Un caso de estafa con una modalidad tan simple como efectiva dejó como víctima a una vecina de la ciudad.
El hecho ocurrió en una vivienda ubicada en calle 21, entre 44 y 45, donde un hombre se presentó en el domicilio asegurando ser conocido del hijo de la propietaria. Con ese argumento, logró ganarse su confianza y le explicó que, por pedido de su familiar, debía realizar tareas para destapar los caños de desagüe.
Una vez dentro de la casa, comenzó a simular el trabajo y, al cabo de unos minutos, le indicó a la mujer que era necesario reemplazar parte de la instalación. Para ello, le solicitó dinero con el supuesto fin de comprar nuevos caños.
La víctima le entregó 70 mil pesos, tras lo cual el individuo se retiró con la excusa de adquirir los materiales. Sin embargo, nunca regresó.

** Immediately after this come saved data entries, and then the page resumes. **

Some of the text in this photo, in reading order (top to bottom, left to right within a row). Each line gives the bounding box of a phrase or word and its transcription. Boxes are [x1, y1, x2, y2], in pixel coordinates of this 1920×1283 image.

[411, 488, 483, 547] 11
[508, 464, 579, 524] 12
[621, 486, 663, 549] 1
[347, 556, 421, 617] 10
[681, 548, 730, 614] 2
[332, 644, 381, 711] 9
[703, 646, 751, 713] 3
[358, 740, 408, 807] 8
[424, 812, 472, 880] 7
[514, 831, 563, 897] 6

Minutos después, la mujer advirtió no solo que había sido engañada, sino también que el sujeto había aprovechado la situación para sustraerle su teléfono celular.

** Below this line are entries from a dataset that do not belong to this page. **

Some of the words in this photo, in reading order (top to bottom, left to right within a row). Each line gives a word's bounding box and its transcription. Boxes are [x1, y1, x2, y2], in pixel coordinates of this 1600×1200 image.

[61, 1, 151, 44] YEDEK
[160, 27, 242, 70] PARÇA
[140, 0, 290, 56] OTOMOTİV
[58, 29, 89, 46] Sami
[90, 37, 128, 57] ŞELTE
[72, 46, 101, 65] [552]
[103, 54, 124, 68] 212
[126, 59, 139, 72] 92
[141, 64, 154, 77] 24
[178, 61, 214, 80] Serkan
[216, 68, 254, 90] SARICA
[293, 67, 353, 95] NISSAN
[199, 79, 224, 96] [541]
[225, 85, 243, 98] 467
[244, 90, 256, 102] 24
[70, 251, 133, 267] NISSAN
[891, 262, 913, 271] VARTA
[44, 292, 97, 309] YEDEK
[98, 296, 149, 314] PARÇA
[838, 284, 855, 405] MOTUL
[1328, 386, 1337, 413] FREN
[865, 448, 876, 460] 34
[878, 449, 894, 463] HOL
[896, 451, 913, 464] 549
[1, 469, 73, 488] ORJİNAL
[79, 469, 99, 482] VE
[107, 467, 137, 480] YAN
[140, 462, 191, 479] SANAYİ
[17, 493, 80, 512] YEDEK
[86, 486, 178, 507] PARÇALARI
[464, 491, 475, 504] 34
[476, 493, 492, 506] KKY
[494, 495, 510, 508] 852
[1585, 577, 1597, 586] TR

El episodio deja en evidencia una modalidad delictiva basada en el engaño y el aprovechamiento de la confianza, por lo que se recomienda extremar precauciones ante la presencia de desconocidos que se presenten en nombre de familiares o servicios no solicitados.
16/04/26 Hurto y estafa
Dos nuevos hechos delictivos, con modalidades distintas, vuelven a encender la alerta en la comunidad.
Por un lado, una persona de 78 años fue víctima de un hurto tras dejar su automóvil estacionado frente a su domicilio sin medidas de seguridad. La situación fue aprovechada por un desconocido que, sin ejercer violencia, sustrajo una netbook que se encontraba en el asiento trasero del vehículo. El hecho pone de relieve la importancia de cerrar siempre los rodados, incluso cuando permanecen a la vista del propietario.
Por otro lado, se detectó una nueva modalidad de estafa que tiene como protagonistas a una pareja, que actúa de manera coordinada pero ingresa a los comercios por separado para no levantar sospechas.
Según registros de cámaras de vigilancia, el mecanismo consiste en realizar compras y, al momento de abonar, simular el pago mediante una billetera virtual. Los delincuentes muestran al comerciante una supuesta transferencia o comprobante en el celular, pero en realidad la operación nunca se concreta. De esta manera, se aprovechan de la buena fe o la distracción del vendedor para retirarse sin pagar la mercadería.
Ambos casos reflejan distintas formas de delito —una por descuido y otra mediante engaño—, pero coinciden en un punto clave: la necesidad de extremar las precauciones tanto en el ámbito personal como en el comercial para evitar ser víctimas de estas maniobras.